[[ DATASET ENTRIES open ]]

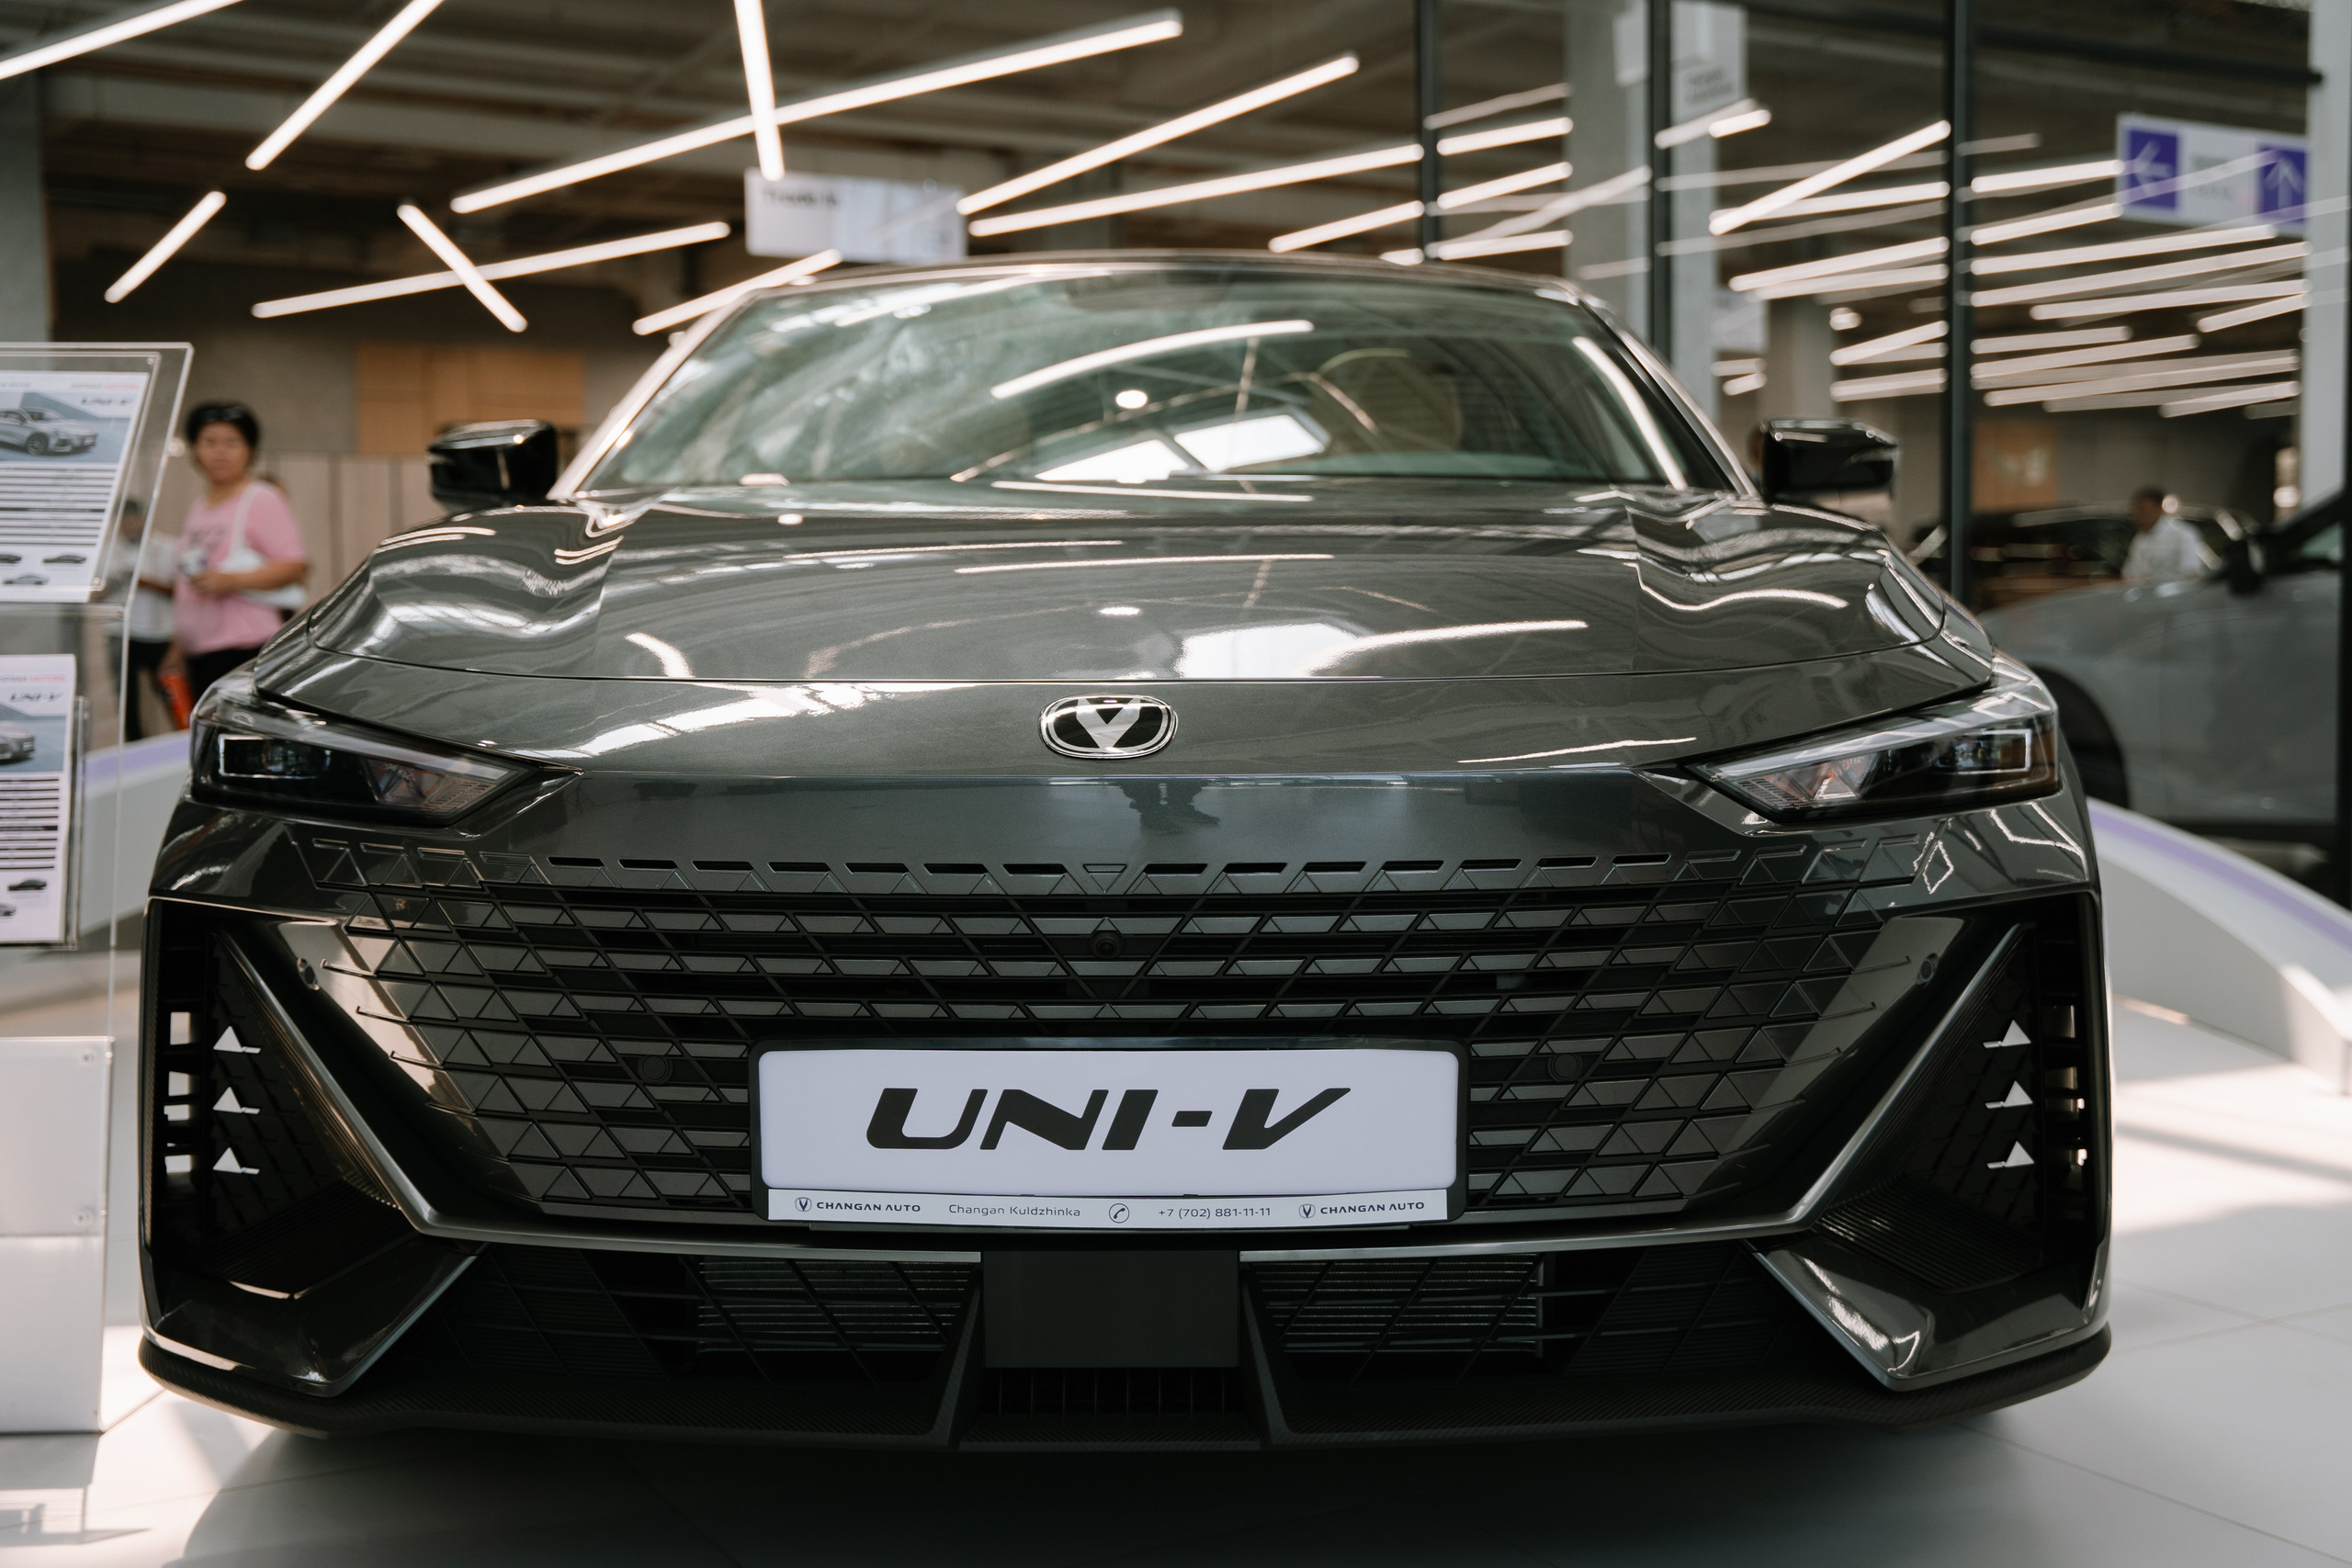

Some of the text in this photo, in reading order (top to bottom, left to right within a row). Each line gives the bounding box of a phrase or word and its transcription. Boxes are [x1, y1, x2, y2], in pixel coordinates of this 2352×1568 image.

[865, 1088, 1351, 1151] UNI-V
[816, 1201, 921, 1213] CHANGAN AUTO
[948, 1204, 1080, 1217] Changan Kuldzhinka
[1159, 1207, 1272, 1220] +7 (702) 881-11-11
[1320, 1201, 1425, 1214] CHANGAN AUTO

[[ DATASET ENTRIES closed ]]

EXERCISE AIM: Do not include the images; transcribe the rest of the listing exactly.

EXERCISE OUTPUT:
Some of the text in this photo, in reading order (top to bottom, left to right within a row). Each line gives the bounding box of a phrase or word and its transcription. Boxes are [x1, y1, x2, y2], in pixel coordinates of this 2352×1568 image.

[865, 1088, 1351, 1151] UNI-V
[816, 1201, 921, 1213] CHANGAN AUTO
[948, 1204, 1080, 1217] Changan Kuldzhinka
[1159, 1207, 1272, 1220] +7 (702) 881-11-11
[1320, 1201, 1425, 1214] CHANGAN AUTO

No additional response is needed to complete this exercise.